Segment Open

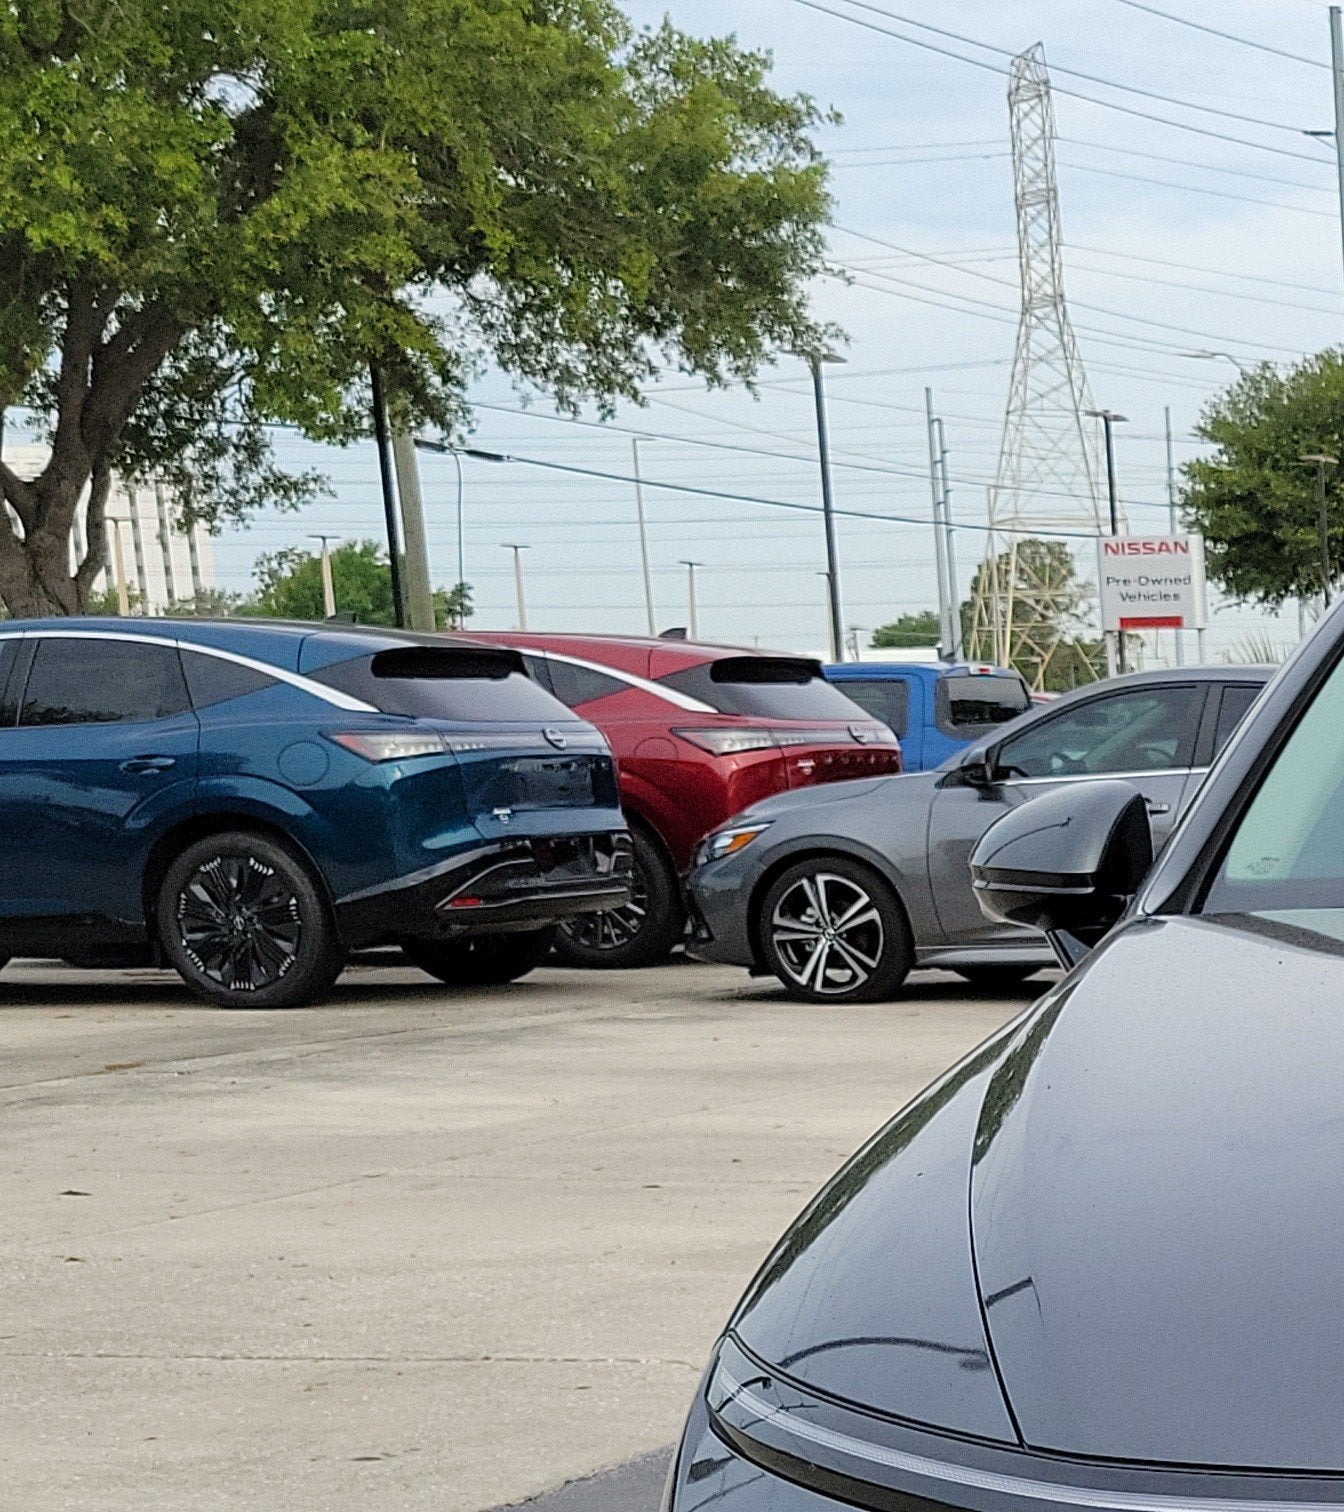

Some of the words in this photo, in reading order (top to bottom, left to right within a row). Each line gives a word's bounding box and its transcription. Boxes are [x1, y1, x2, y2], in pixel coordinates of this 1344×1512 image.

[1104, 541, 1189, 556] NISSAN
[1106, 575, 1192, 587] Pre-Owned
[1120, 591, 1181, 603] Vehicles
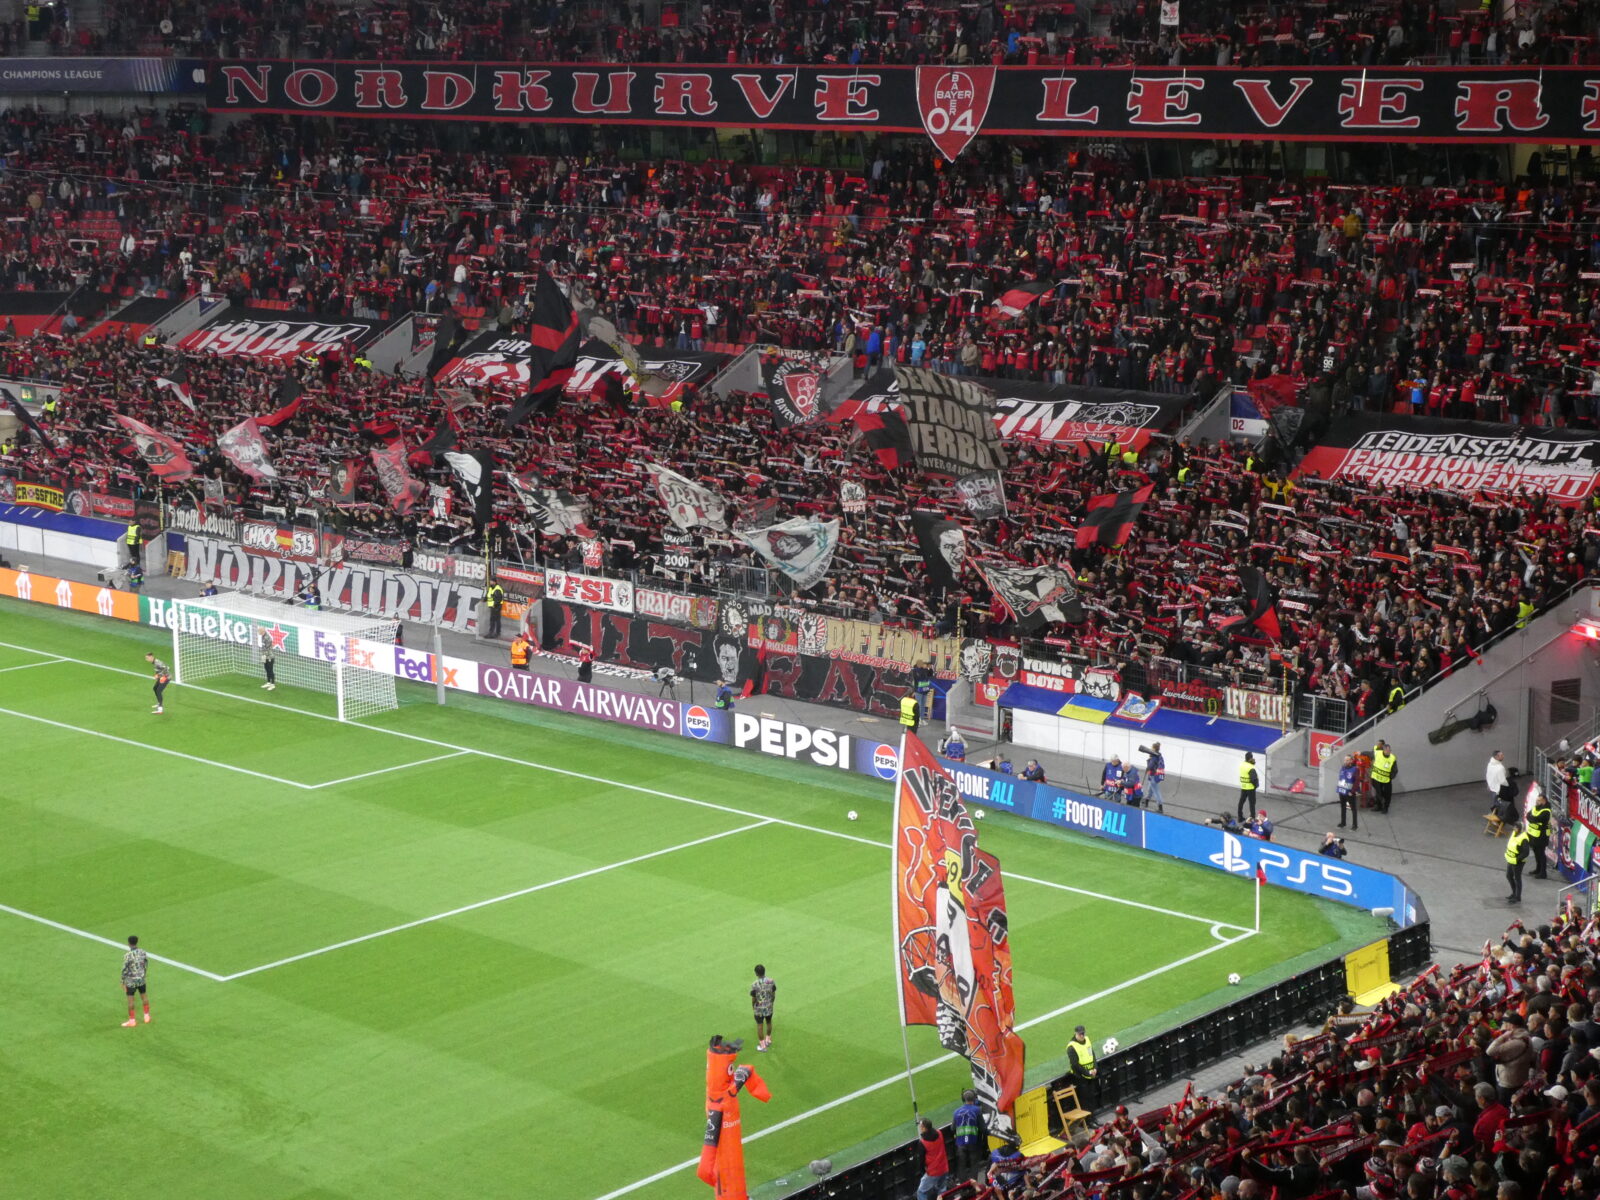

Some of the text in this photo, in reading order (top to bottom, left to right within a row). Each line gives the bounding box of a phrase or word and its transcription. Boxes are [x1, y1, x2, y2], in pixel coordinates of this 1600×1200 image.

[3, 70, 103, 80] CHAMPIONS LEAGUE
[220, 63, 1600, 134] NORDKURVE LEVER
[926, 107, 977, 136] 04
[488, 338, 532, 354] FÜR
[1232, 419, 1244, 431] D2
[1360, 432, 1594, 462] LEIDENSCHAFT
[1349, 448, 1532, 475] EMOTIONEN
[292, 532, 317, 557] 513
[664, 554, 690, 569] 2009
[562, 576, 614, 606] FSI
[749, 604, 772, 616] MAD
[747, 637, 798, 656] LEVRKUSEN
[1023, 658, 1072, 679] YOUNG
[1026, 673, 1065, 691] BOYS
[484, 668, 675, 733] QATAR AIRWAYS
[1226, 687, 1248, 716] LEV
[686, 716, 711, 729] PEPSI
[734, 713, 850, 770] PEPSI
[875, 756, 898, 768] PEPSI
[990, 780, 1015, 807] ALL
[1052, 796, 1128, 838] #FOOTBALL
[1259, 847, 1354, 898] PS5

Segment Closed

> **PROBLEM DESCRIPTION**
Repeat exactly, and only, the lines from the line containing "Some of the text" through the last line of the records above, both included.

> **TASK OUTPUT**
Some of the text in this photo, in reading order (top to bottom, left to right within a row). Each line gives the bounding box of a phrase or word and its transcription. Boxes are [x1, y1, x2, y2], in pixel coordinates of this 1600×1200 image.

[3, 70, 103, 80] CHAMPIONS LEAGUE
[220, 63, 1600, 134] NORDKURVE LEVER
[926, 107, 977, 136] 04
[488, 338, 532, 354] FÜR
[1232, 419, 1244, 431] D2
[1360, 432, 1594, 462] LEIDENSCHAFT
[1349, 448, 1532, 475] EMOTIONEN
[292, 532, 317, 557] 513
[664, 554, 690, 569] 2009
[562, 576, 614, 606] FSI
[749, 604, 772, 616] MAD
[747, 637, 798, 656] LEVRKUSEN
[1023, 658, 1072, 679] YOUNG
[1026, 673, 1065, 691] BOYS
[484, 668, 675, 733] QATAR AIRWAYS
[1226, 687, 1248, 716] LEV
[686, 716, 711, 729] PEPSI
[734, 713, 850, 770] PEPSI
[875, 756, 898, 768] PEPSI
[990, 780, 1015, 807] ALL
[1052, 796, 1128, 838] #FOOTBALL
[1259, 847, 1354, 898] PS5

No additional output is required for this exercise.